ACTIVITY →
Without including the images, transcribe each record precisely as it appears below.

(Annotated photo localization data)
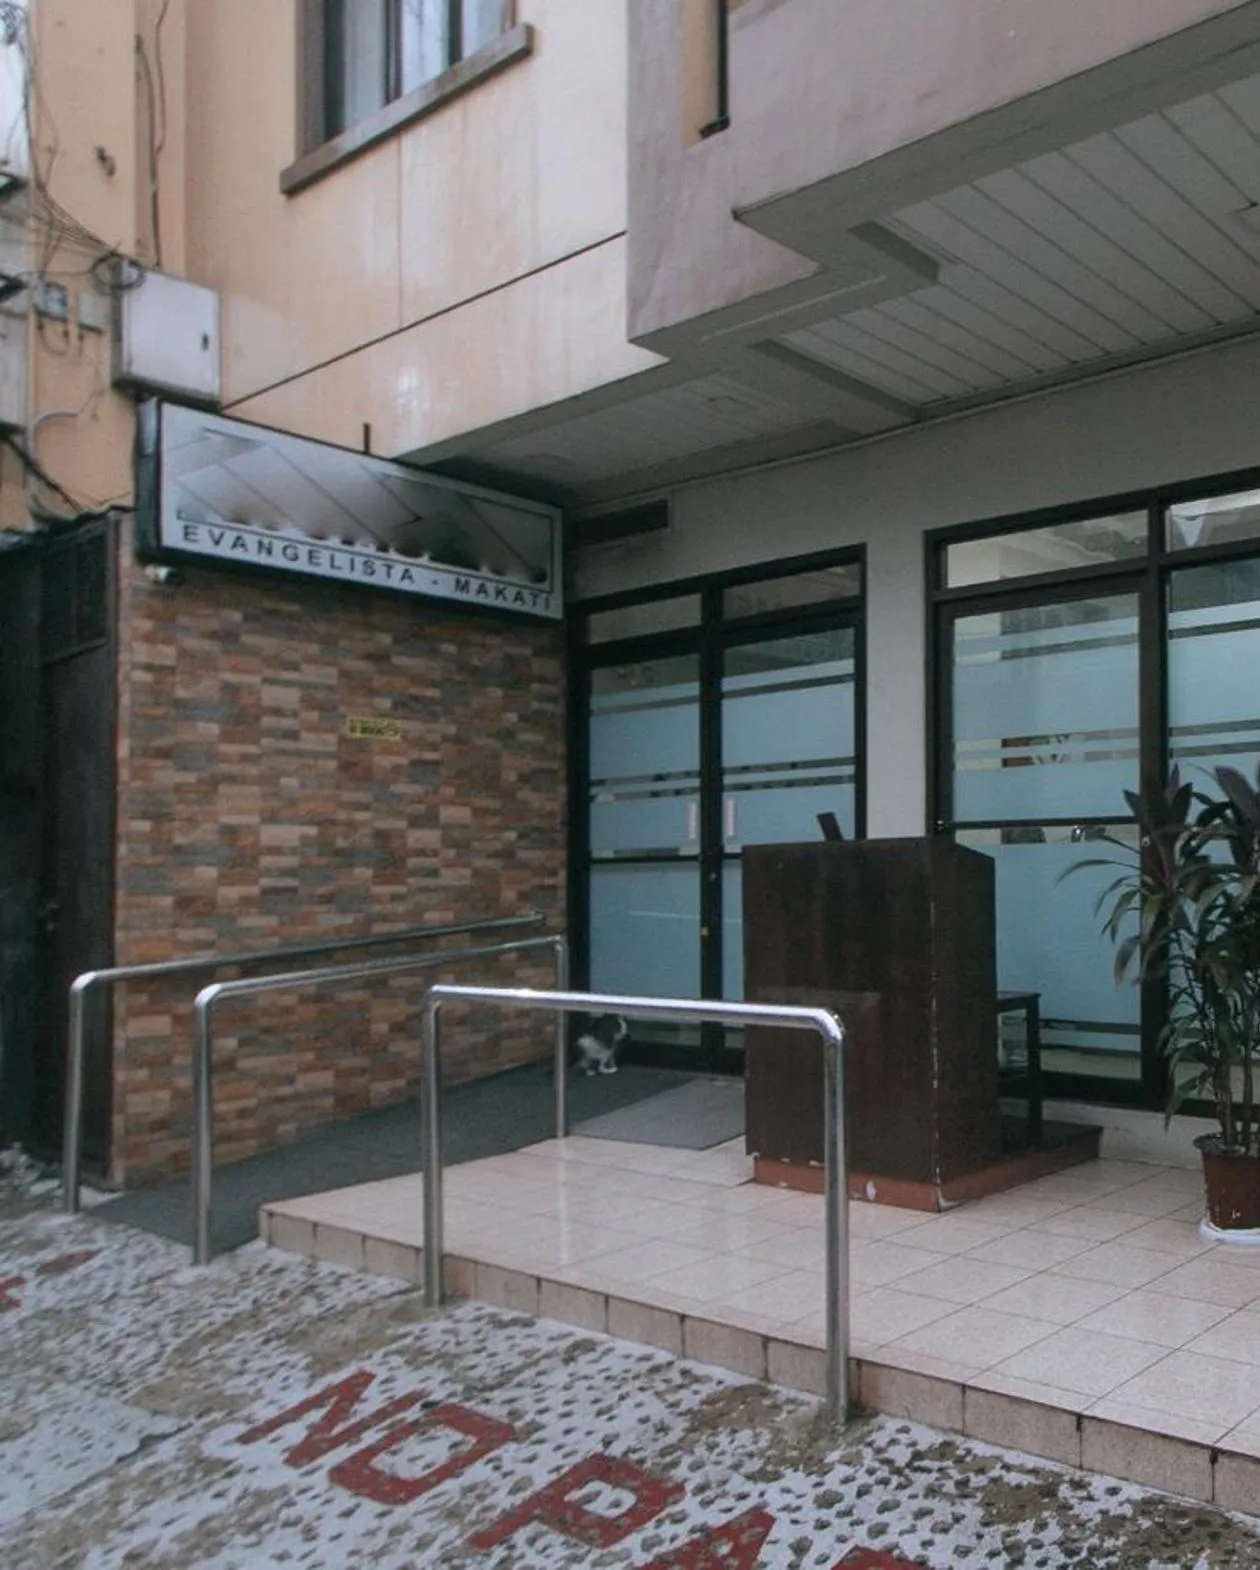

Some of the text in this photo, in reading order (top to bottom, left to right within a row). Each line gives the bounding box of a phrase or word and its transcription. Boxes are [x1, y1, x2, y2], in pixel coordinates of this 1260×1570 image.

[182, 523, 415, 585] EVANGELISTA
[454, 576, 551, 610] MAKATI
[234, 1370, 516, 1506] NO
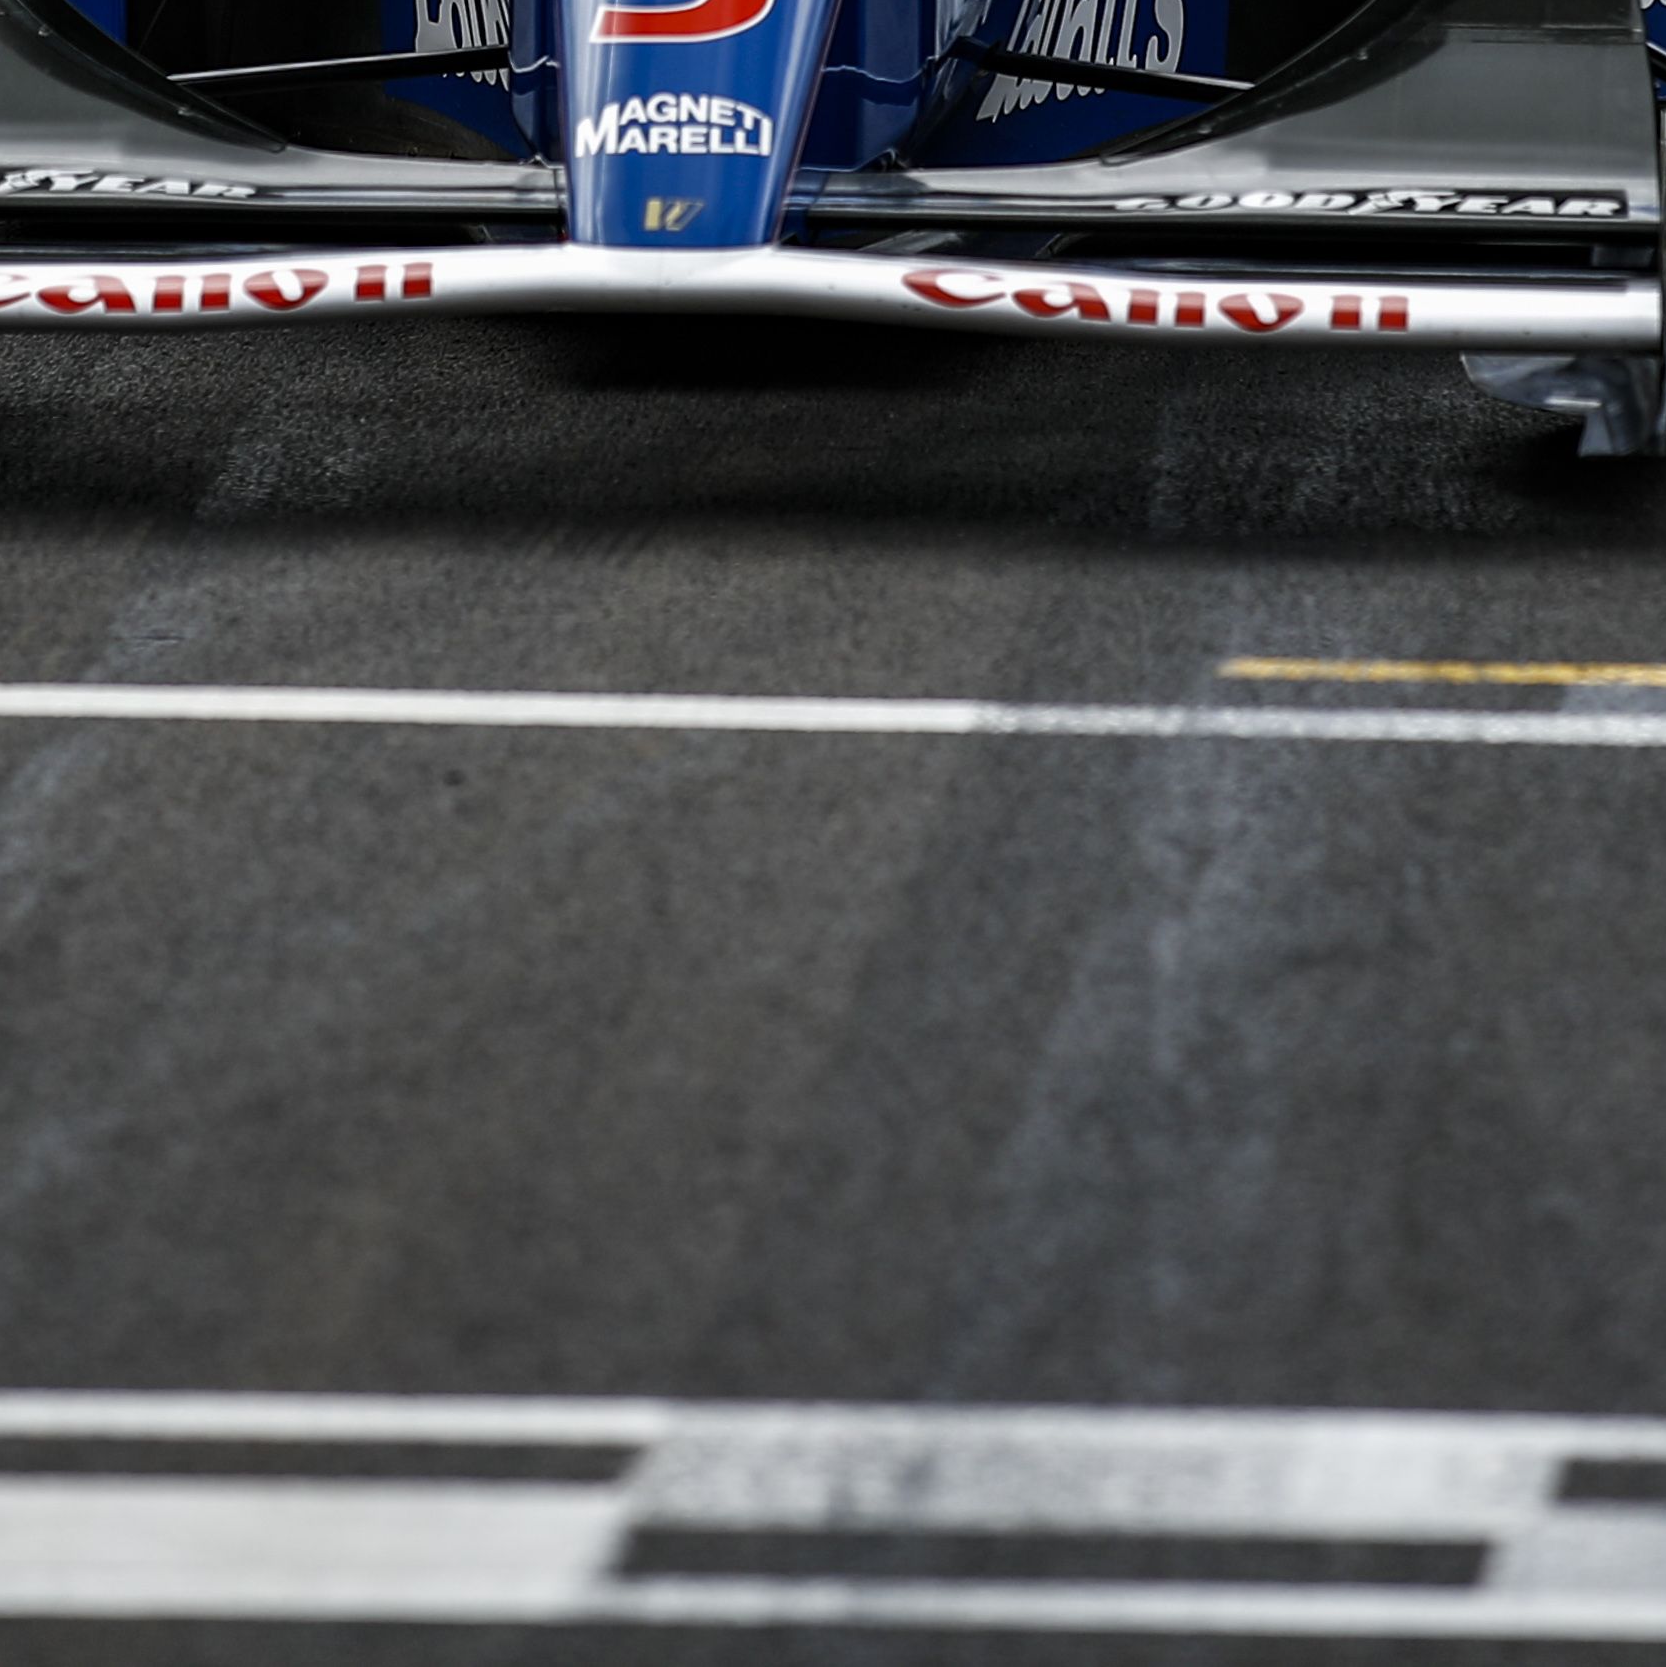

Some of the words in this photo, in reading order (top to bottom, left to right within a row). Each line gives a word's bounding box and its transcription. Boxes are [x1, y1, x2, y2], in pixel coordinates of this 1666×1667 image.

[574, 91, 773, 138] MAGNETI
[574, 120, 773, 158] MARELLI
[901, 267, 1411, 334] Canon
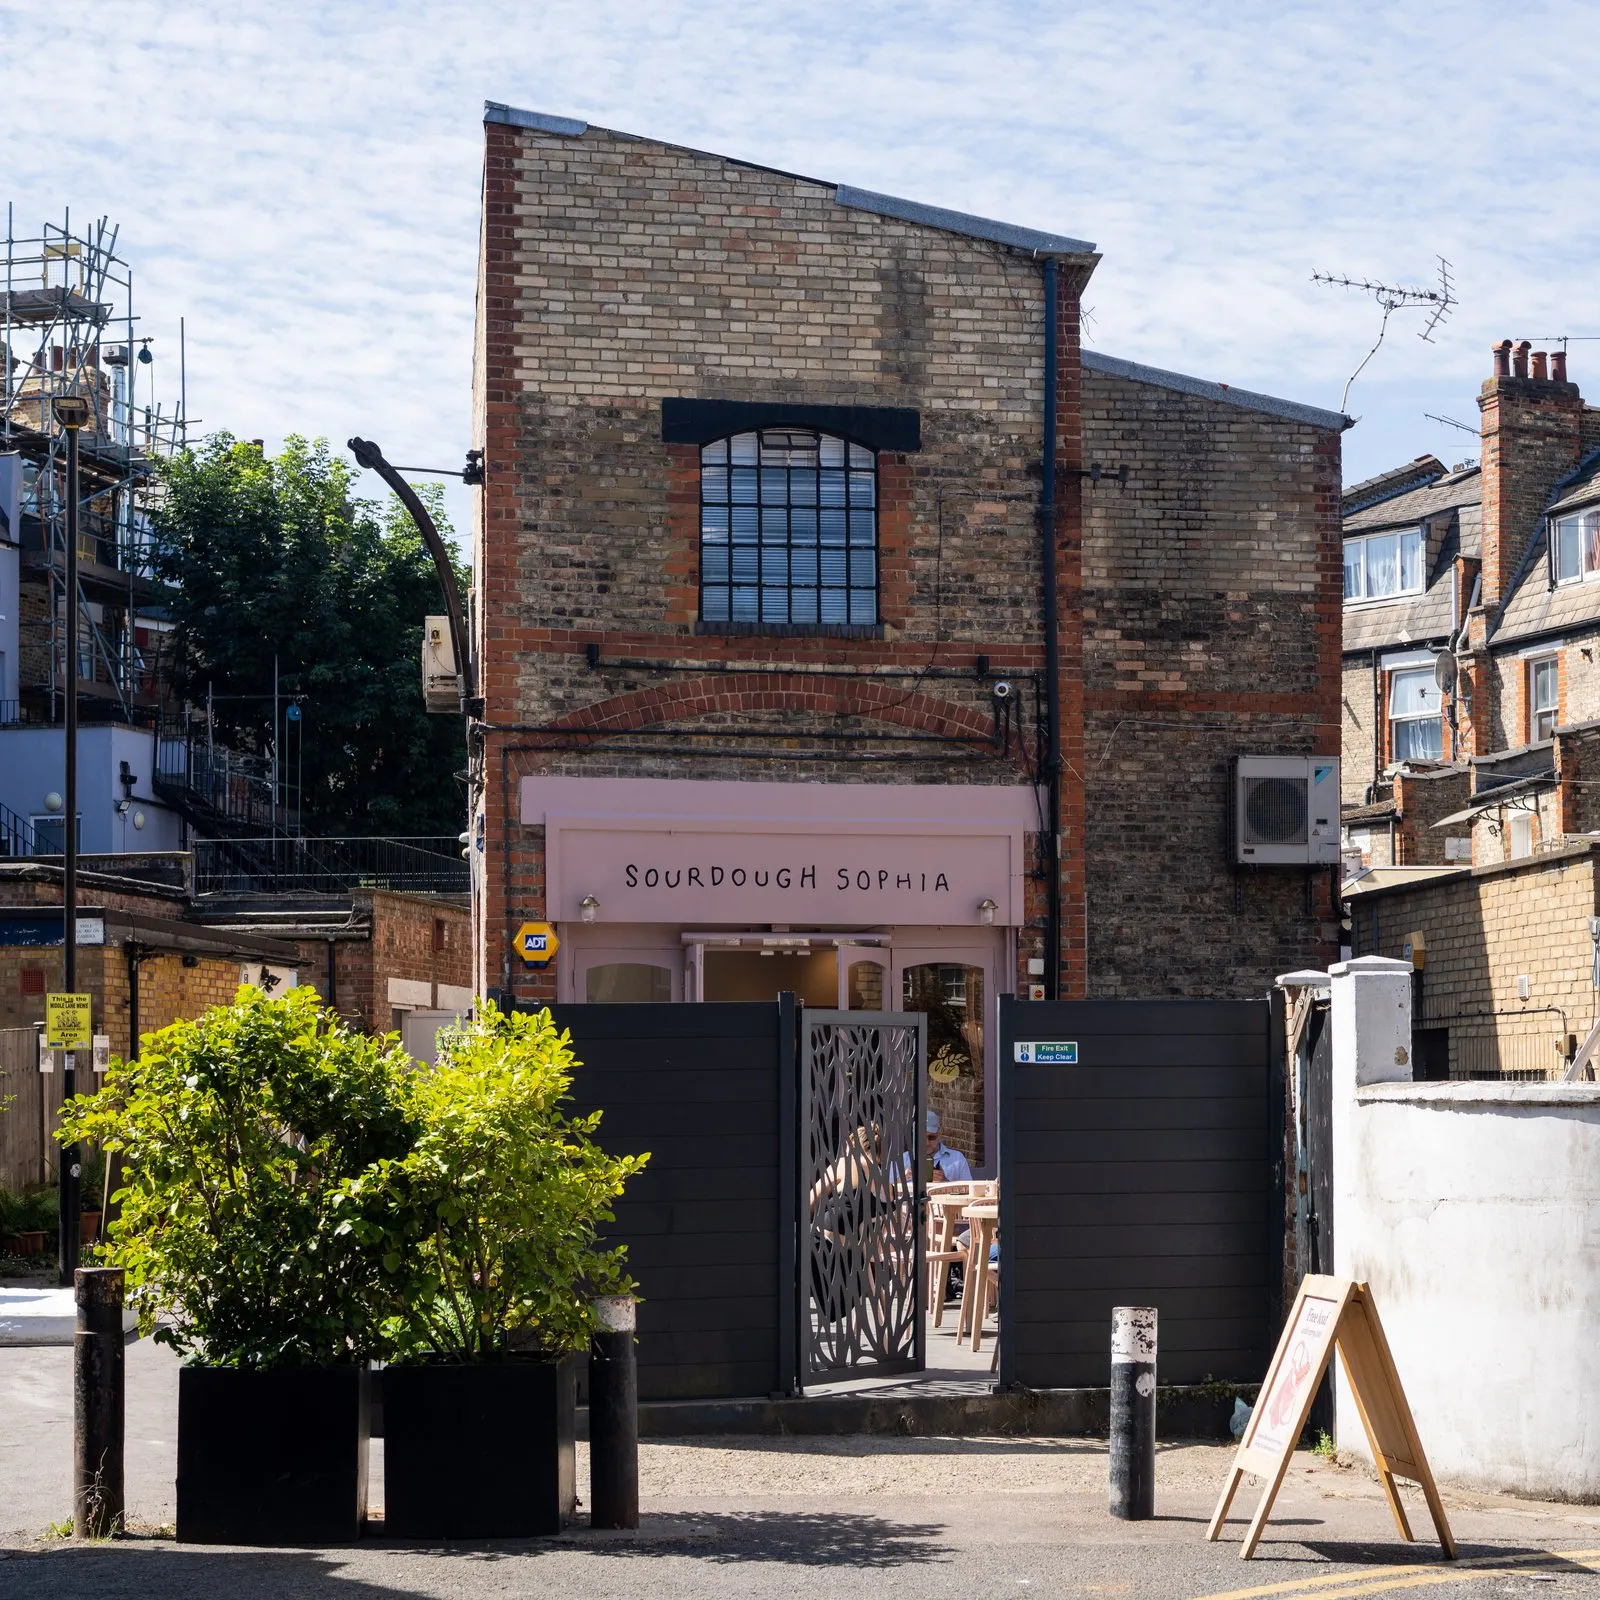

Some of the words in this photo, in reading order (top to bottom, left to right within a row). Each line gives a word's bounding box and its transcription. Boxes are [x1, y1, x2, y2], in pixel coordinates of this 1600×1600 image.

RESPONSE TO THIS EXERCISE →
Some of the text in this photo, in reading order (top to bottom, left to right within a row). Each line gives the bounding box of a phrase or word and its transcription. Boxes are [x1, y1, x2, y2], in pixel coordinates of this 1260×1570 image.

[182, 523, 415, 585] EVANGELISTA
[454, 576, 551, 610] MAKATI
[234, 1370, 516, 1506] NO

Some of the words in this photo, in reading order (top to bottom, left to right within a row). Each line gives a word's bounding box and its transcription. Boxes are [x1, y1, x2, y2], in pixel coordinates of this 1666×1667 image.

[574, 91, 773, 138] MAGNETI
[574, 120, 773, 158] MARELLI
[901, 267, 1411, 334] Canon

Some of the words in this photo, in reading order (top to bottom, left to right within a row). Each line gives a word's bounding box and its transcription. Boxes are [x1, y1, x2, y2], in pixel coordinates of this 1600×1600 image.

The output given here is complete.